Nimmanapalli Ramadevi, O'Bryan Erica, Huang Mei, Bali Purva, Burnette Pearlie Kay, Loughran Thomas, Tepperberg James, Jove Richard, Bhalla Kapil
Interdisciplinary Oncology Program, Moffitt Cancer Center, University of South Florida, Tampa 33612, USA.
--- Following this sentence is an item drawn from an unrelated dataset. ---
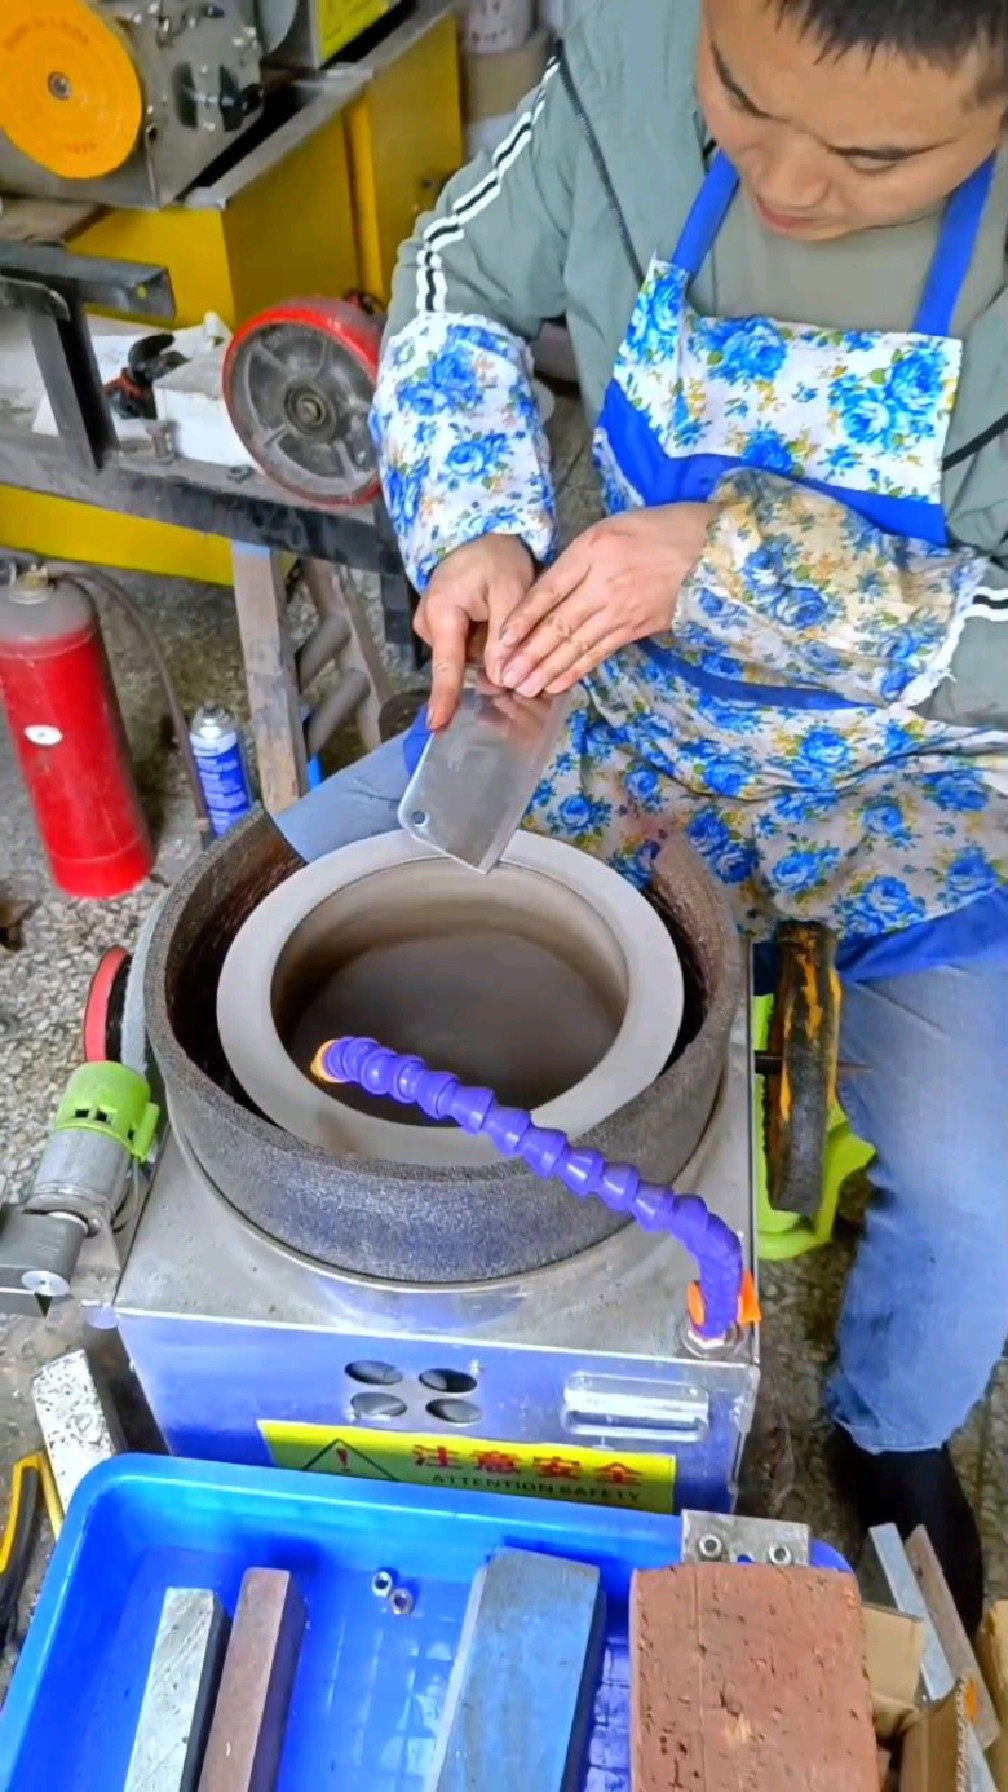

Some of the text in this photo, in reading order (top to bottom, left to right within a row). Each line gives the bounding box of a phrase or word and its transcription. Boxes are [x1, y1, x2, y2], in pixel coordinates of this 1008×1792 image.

[412, 1445, 643, 1487] 注意安全
[432, 1473, 640, 1501] ATTENTION SAFETY
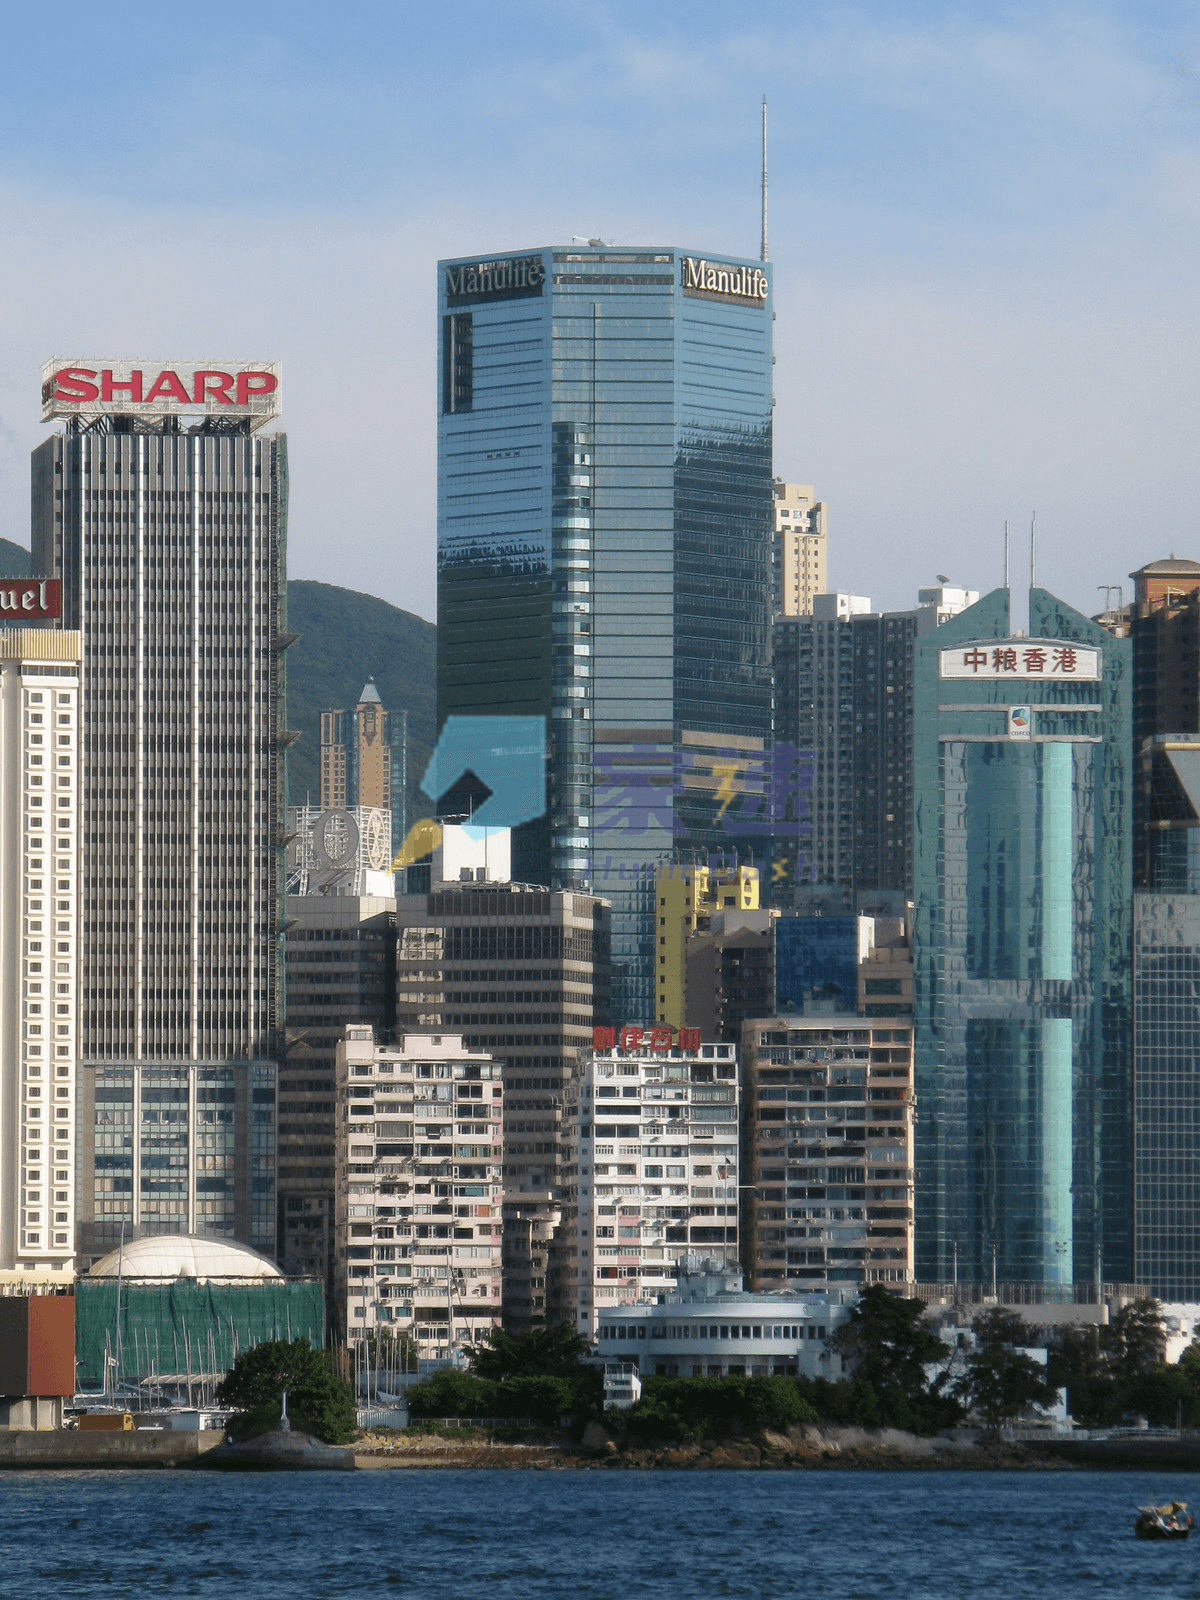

Cancer Res. 2002 Oct 15;62(20):5761-9.
Using human acute leukemia HL-60/Bcr-Abl (with ectopic expression of p185 Bcr-Abl) and K562 cells (with endogenous expression of p210 Bcr-Abl) subjected to a continuous selection pressure of up to 1.0 micro M Gleevec (imatinib mesylate, STI-571), we have isolated Gleevec-resistant K562 R (+Bcr-Abl), K562 R (-Bcr-Abl), and HL-60/Bcr-Abl R cells, which display disparate level and activity of Bcr-Abl tyrosine kinase (TK). As compared with their sensitive counterparts, Gleevec-resistant cell types were >/=5-fold resistant to Gleevec-induced apoptosis. Bcr-Abl protein levels were significantly increased in HL-60/Bcr-Abl R and K562 R (+Bcr-Abl) cells, but K562 R (-Bcr-Abl) cells showed a marked decline in the mRNA and protein levels and activity of Bcr-Abl. Bcr-Abl TK level and activity corresponded to the signal transducers and activators of transcription-5 DNA binding activity and up-regulation of heat shock protein 70 levels. The decline in Bcr-Abl expression and TK activity in K562 R (-Bcr-Abl) cells was associated with reduced AKT kinase and signal transducers and activators of transcription-5 DNA binding activities and increased sensitivity to the death ligand Apo-2 ligand/tumor necrosis factor-related apoptosis-inducing ligand and 1-beta-D-arabinofuranosylcytosine-induced apoptosis. All Gleevec-resistant cell types were sensitive to 17-allylamino-17-demethoxygeldanamycin (17-AAG)- and PD180970 (a SRC and Bcr-Abl TK inhibitor)-induced apoptosis. Treatment with 17-AAG or PD180970 also induced apoptosis of CD34+ leukemic cells from three patients with chronic myeloid leukemia in blast crisis who had progressive leukemia while receiving Gleevec therapy. Taken together, these findings indicate that in addition to overexpression or mutations in Bcr-Abl, resistance to Gleevec may also develop due to a loss of Bcr-Abl expression. These findings also support the rationale to test the in vivo efficacy of 17-AAG and PD180970 against STI-571-resistant Bcr-Abl-positive acute leukemias.
利用经高达1.0微摩尔格列卫(甲磺酸伊马替尼,STI-571)持续选择压力处理的人急性白血病HL-60/Bcr-Abl(p185 Bcr-Abl异位表达)和K562细胞(p210 Bcr-Abl内源性表达),我们分离出了对格列卫耐药的K562 R(+Bcr-Abl)、K562 R(-Bcr-Abl)和HL-60/Bcr-Abl R细胞,这些细胞显示出不同水平和活性的Bcr-Abl酪氨酸激酶(TK)。与它们的敏感对应细胞相比,对格列卫耐药的细胞类型对格列卫诱导的凋亡具有≥5倍的抗性。HL-60/Bcr-Abl R和K562 R(+Bcr-Abl)细胞中的Bcr-Abl蛋白水平显著增加,但K562 R(-Bcr-Abl)细胞的Bcr-Abl mRNA和蛋白水平及活性显著下降。Bcr-Abl TK水平和活性与转录信号转导子和激活子-5 DNA结合活性以及热休克蛋白70水平的上调相对应。K562 R(-Bcr-Abl)细胞中Bcr-Abl表达和TK活性的下降与AKT激酶以及转录信号转导子和激活子-5 DNA结合活性降低有关,并且对死亡配体Apo-2配体/肿瘤坏死因子相关凋亡诱导配体和1-β-D-阿拉伯呋喃糖基胞嘧啶诱导的凋亡敏感性增加。所有对格列卫耐药的细胞类型对17-烯丙基氨基-17-去甲氧基格尔德霉素(17-AAG)和PD180970(一种SRC和Bcr-Abl TK抑制剂)诱导的凋亡敏感。用17-AAG或PD180970处理也诱导了3例慢性髓性白血病急变期患者的CD34+白血病细胞凋亡,这些患者在接受格列卫治疗时白血病仍在进展。综上所述,这些发现表明,除了Bcr-Abl的过表达或突变外,对格列卫的耐药性也可能由于Bcr-Abl表达缺失而产生。这些发现也支持了测试17-AAG和PD18097针对STI-571耐药的Bcr-Abl阳性急性白血病的体内疗效的基本原理。